## Work instructions
Could you copy the records below exactly, keeping none of the images?

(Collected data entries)
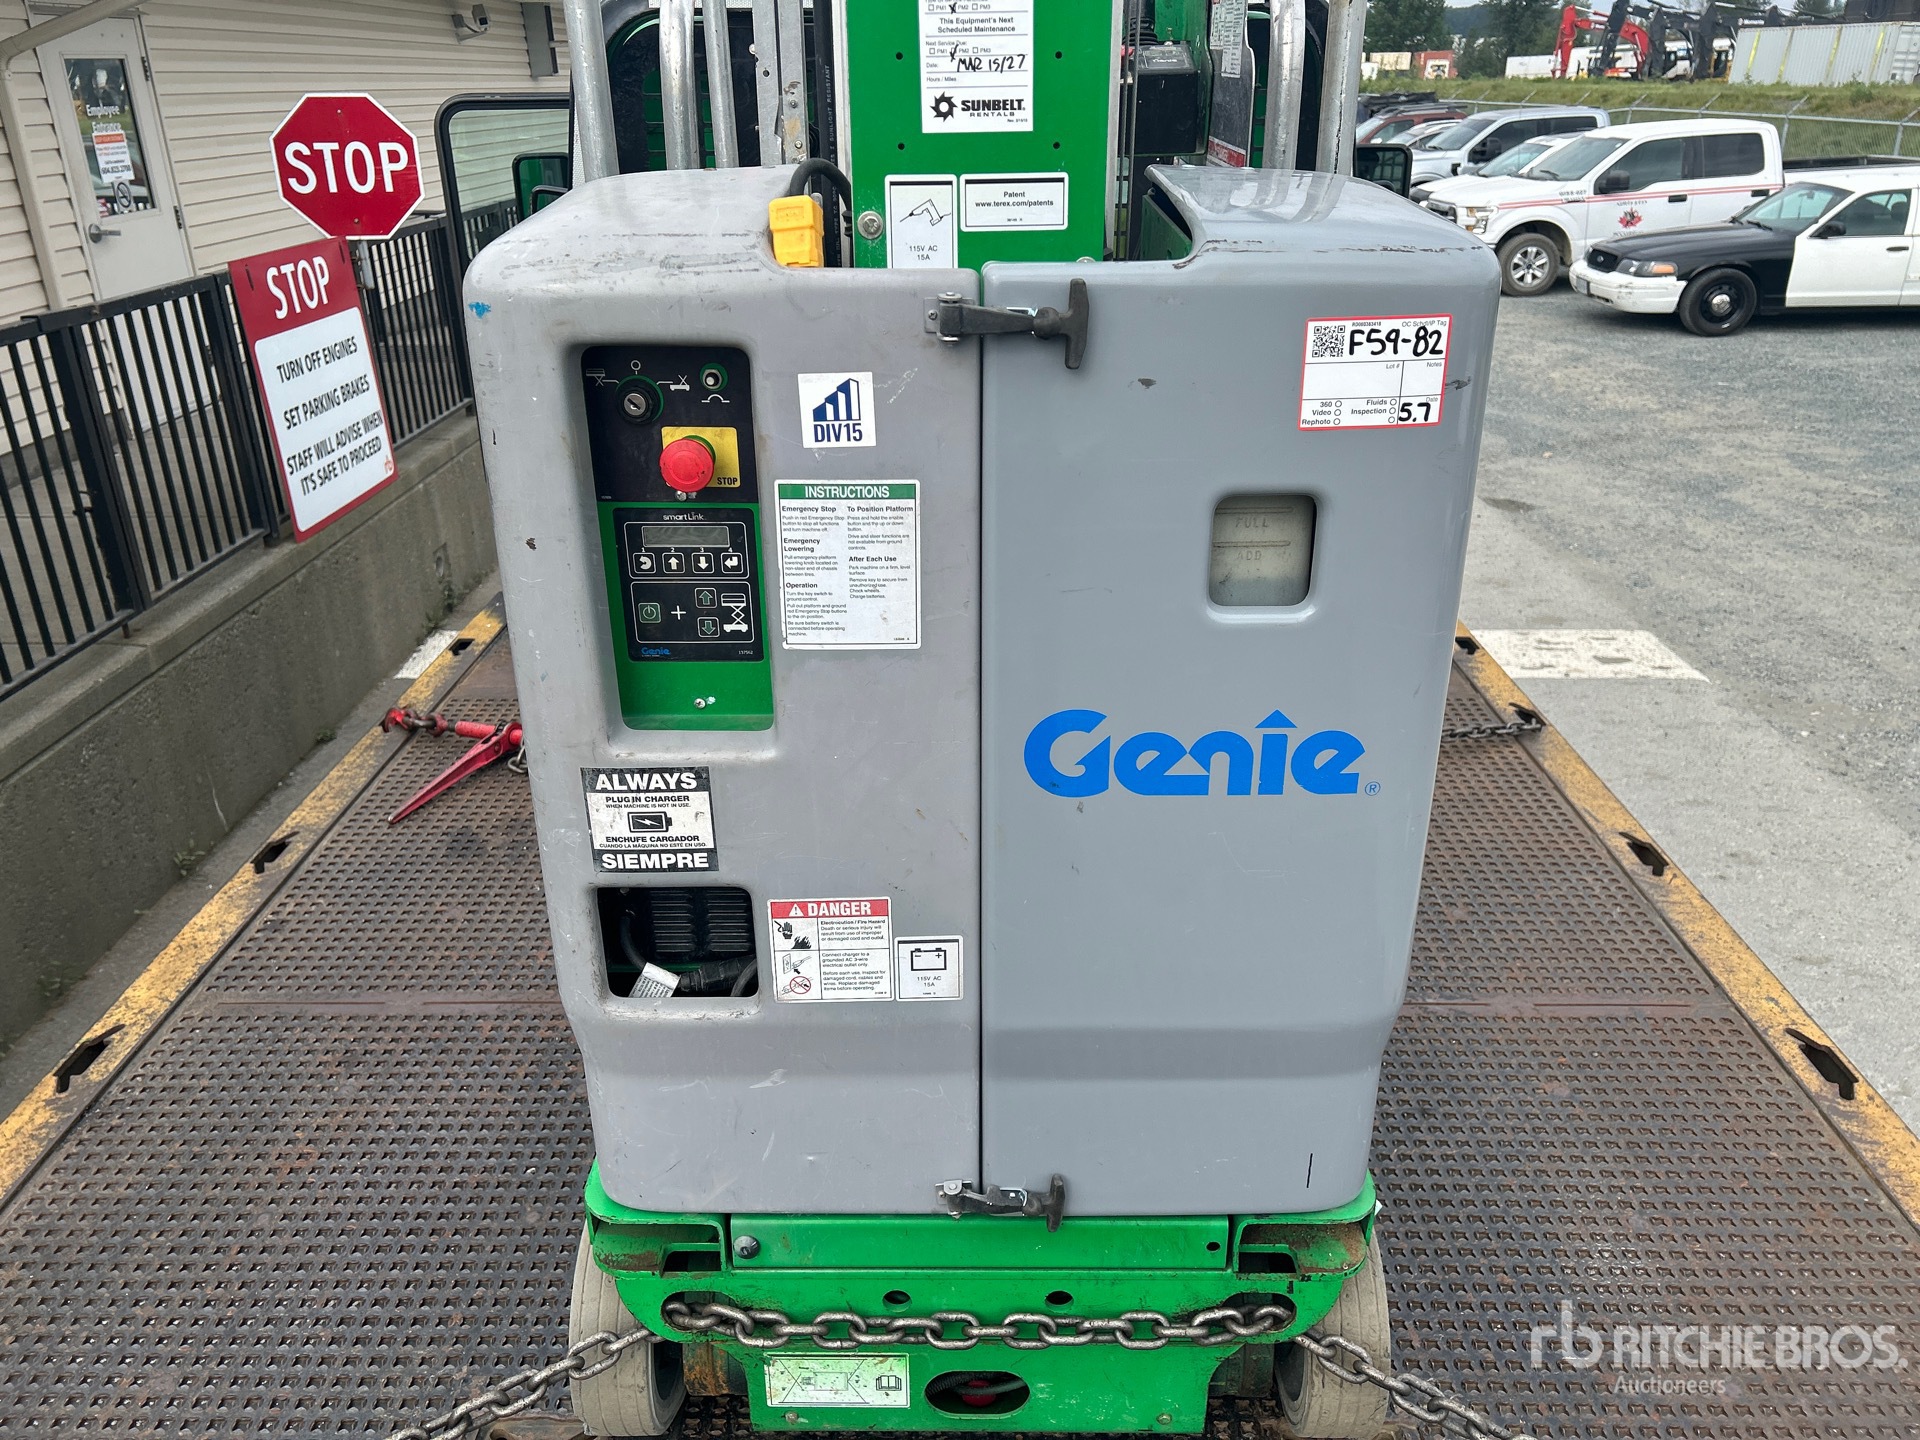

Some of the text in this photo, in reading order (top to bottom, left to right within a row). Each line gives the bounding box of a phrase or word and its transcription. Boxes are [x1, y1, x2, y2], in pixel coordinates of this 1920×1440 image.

[957, 57, 983, 72] MAR
[86, 103, 120, 118] Employee
[285, 141, 408, 194] STOP
[266, 256, 330, 320] STOP
[1349, 326, 1443, 357] F59-82
[276, 336, 358, 384] TURN OFF ENGINES
[283, 374, 371, 431] SET PARKING BRAKES
[1398, 402, 1431, 422] 5.7
[814, 423, 863, 442] DIV15
[286, 410, 384, 476] STAFF WILL ADVISE WHEN
[300, 435, 382, 497] IT'S SAFE TO PROCEED
[717, 477, 738, 485] STOP
[805, 486, 889, 498] INSTRUCTIONS
[663, 512, 704, 520] smartLink
[1023, 708, 1366, 798] Genie
[596, 772, 697, 790] ALWAYS
[602, 853, 709, 869] SIEMPRE
[808, 902, 871, 916] DANGER

## Expected answer
Some of the text in this photo, in reading order (top to bottom, left to right within a row). Each line gives the bounding box of a phrase or word and its transcription. Boxes are [x1, y1, x2, y2], in pixel coordinates of this 1920×1440 image.

[957, 57, 983, 72] MAR
[86, 103, 120, 118] Employee
[285, 141, 408, 194] STOP
[266, 256, 330, 320] STOP
[1349, 326, 1443, 357] F59-82
[276, 336, 358, 384] TURN OFF ENGINES
[283, 374, 371, 431] SET PARKING BRAKES
[1398, 402, 1431, 422] 5.7
[814, 423, 863, 442] DIV15
[286, 410, 384, 476] STAFF WILL ADVISE WHEN
[300, 435, 382, 497] IT'S SAFE TO PROCEED
[717, 477, 738, 485] STOP
[805, 486, 889, 498] INSTRUCTIONS
[663, 512, 704, 520] smartLink
[1023, 708, 1366, 798] Genie
[596, 772, 697, 790] ALWAYS
[602, 853, 709, 869] SIEMPRE
[808, 902, 871, 916] DANGER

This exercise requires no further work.